My visit to the local library's annual book sale the other day was disappointing because I couldn't see what I was looking at.  (yes, I wrote about it but I'll let you find that post)  Today was lots more fun:  it was Dollar-a-Foot Day!  In other words, all the books you can pile up, you pay just a dollar for a 12-inch stack when the books are measured up with a ruler.  It is just the very best time to give into book temptation.  But I sorta surprised the elderly lady who was handling the cash box. 

When she told me that I owed $3 for my stack of books and magazines, my response was, "Oh, no, ma'am, I do not."  (You see, I think they shorted my measure and this is a charity book drive; I just couldn't have that.)
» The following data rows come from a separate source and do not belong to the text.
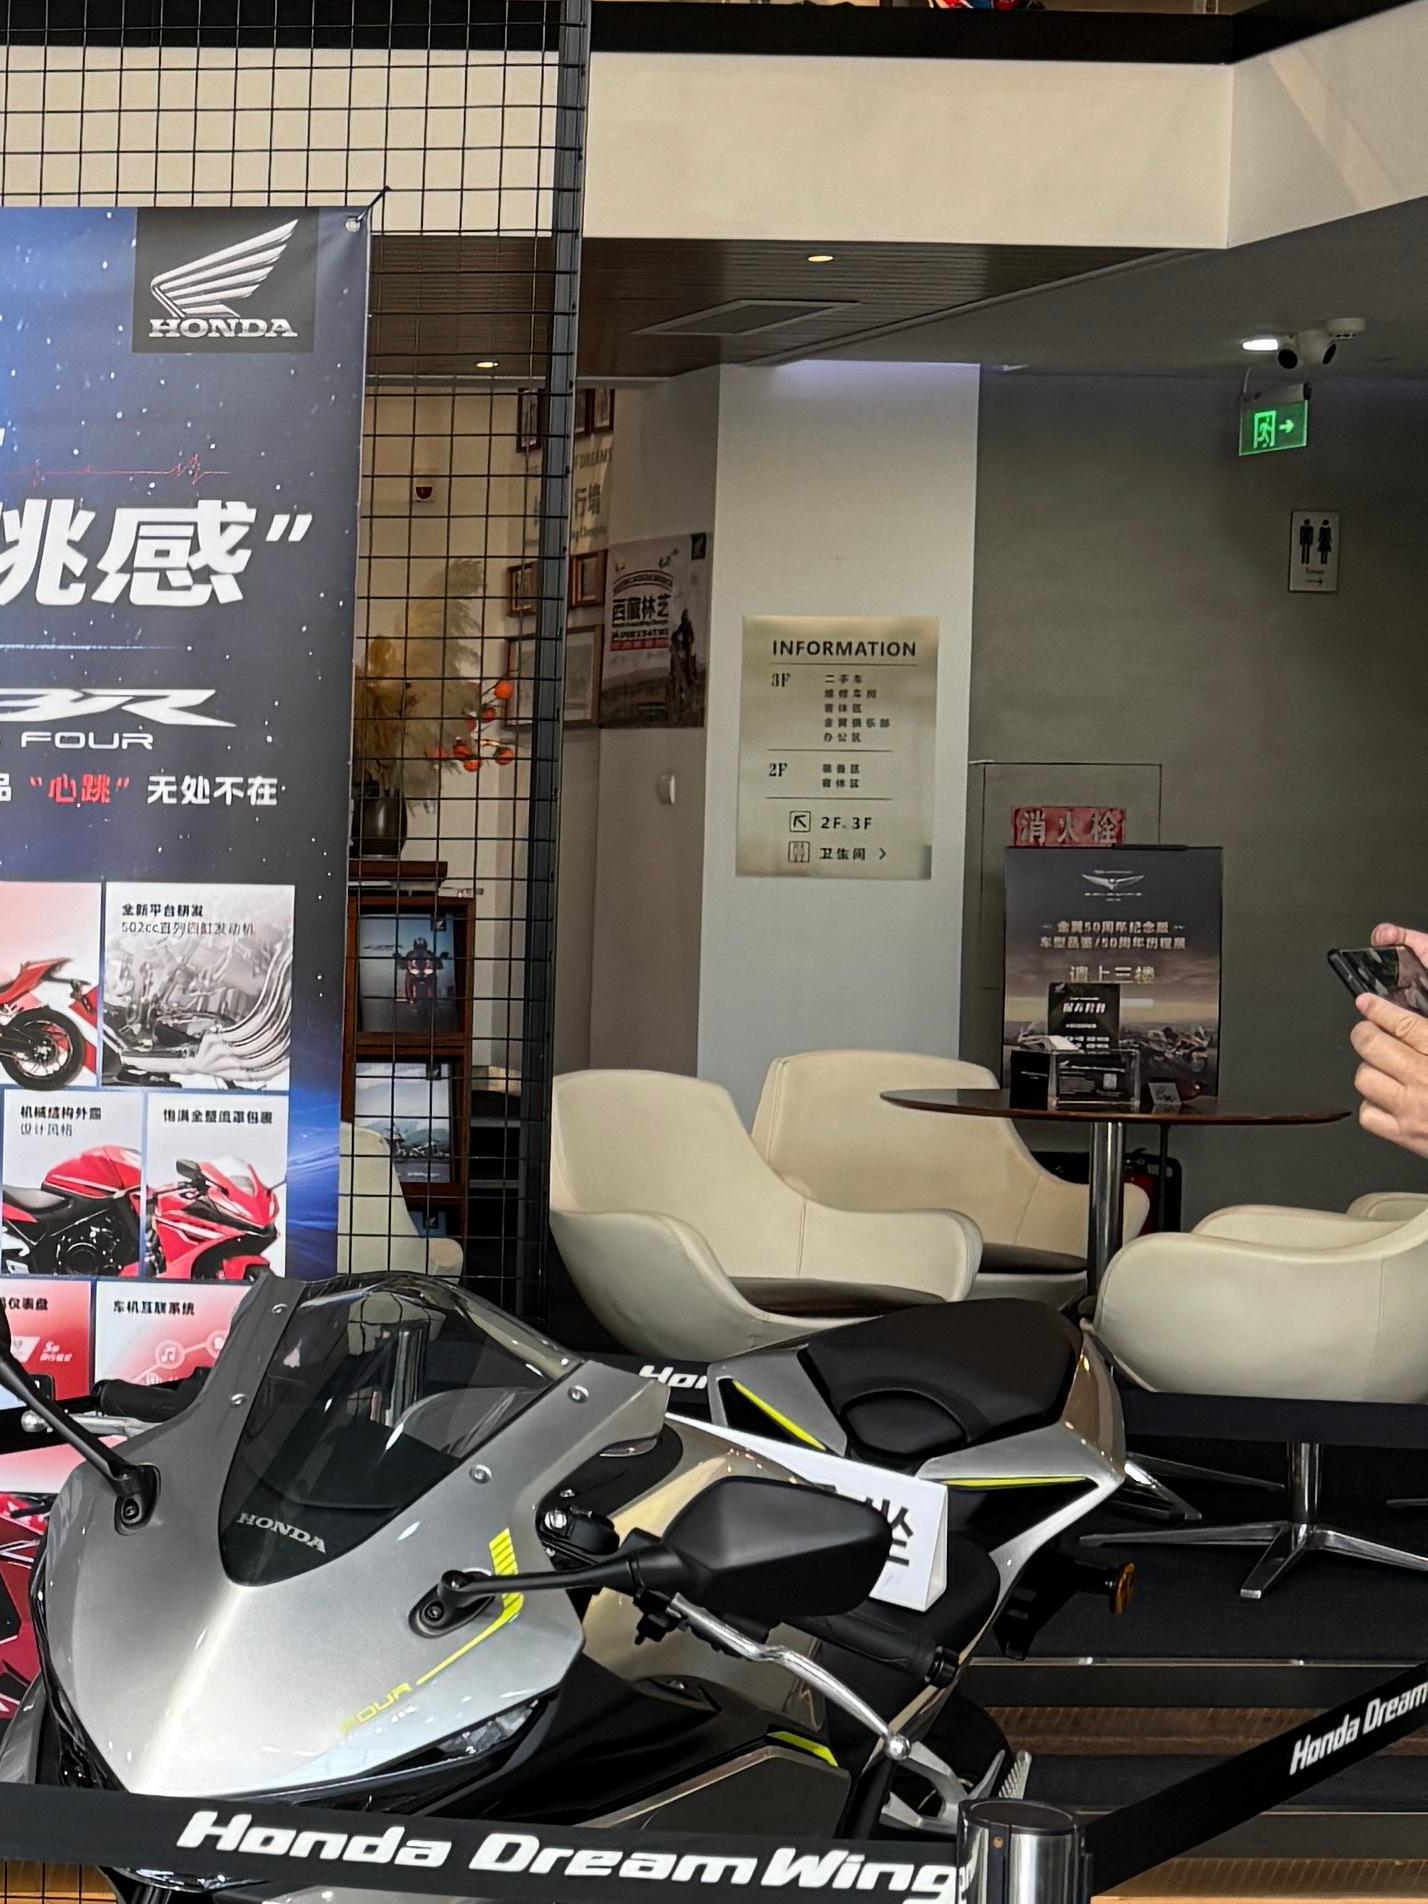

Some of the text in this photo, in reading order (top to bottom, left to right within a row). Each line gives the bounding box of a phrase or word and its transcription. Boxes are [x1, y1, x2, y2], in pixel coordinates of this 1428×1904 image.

[147, 318, 299, 339] HONDA
[772, 639, 917, 657] INFORMATION
[771, 673, 791, 688] 3F
[20, 730, 154, 751] FOUR
[768, 762, 789, 777] 2F
[1020, 809, 1119, 844] 消火栓
[819, 847, 867, 861] 卫生间
[236, 1511, 328, 1555] HONDA
[1288, 1713, 1362, 1777] Honda
[174, 1809, 451, 1870] Honda
The nice lady asked, "Honey, do you want us to re-measure?"

I said, "Thank you, no.  I came in here to spend $5, so $5 is exactly what I am spending."  Then I handed her the money, and everyone laughed.

I can't afford to spend much; that's just the way life is for me.  But I like to share when I can.  I know I got a bargain because I got a good tall stack of books that I every intention of keeping (even if I don't have space to shelve a single one of them, and I assure you that I don't--I have no clue where they will go).  And I got an equally tall stack of magazines that I have absolutely every intention of selling on eBay--I know what they are worth, and I know they will sell.  (The Friends of the Library could have done the same if they had elected to do so but they didn't.  My gain; no guilt.)

The other thing I liked about the book sale was seeing folks. 

I talked to someone who was surprised that I knew him.  I said, "You won't remember me but I was a friend of your mama's" and then we chatted like it was Old Home Week.  He was glad to talk comfortably with someone.  Folks around town don't care for him (with good reason) because he's odd and intense and confrontational; he enjoys the shock value of being a little offensive.  But I was glad to take a moment for his mama's sake because I recall her being kind to me, and I figure that kindness was due her son in return now she has passed on.

And I talked to a shy high school girl who was afraid of not being social enough to be there.  After I complimented her helping skills, she ended up following me around for a little while just to talk.  I felt honored by that, and I thanked her for being nice to a goofy old lady like me. 

Several people who were chatting generally kept trying to shepherd me towards the Fiction section and they suggested books that they liked.  I appreciated that and was interested in what they had to say but I almost never read fiction.  Less than 10% of the books on my shelves are fiction; I prefer to read about real stuff generally.  In fact, I don't believe that there's a single fiction book in the batch I chose today.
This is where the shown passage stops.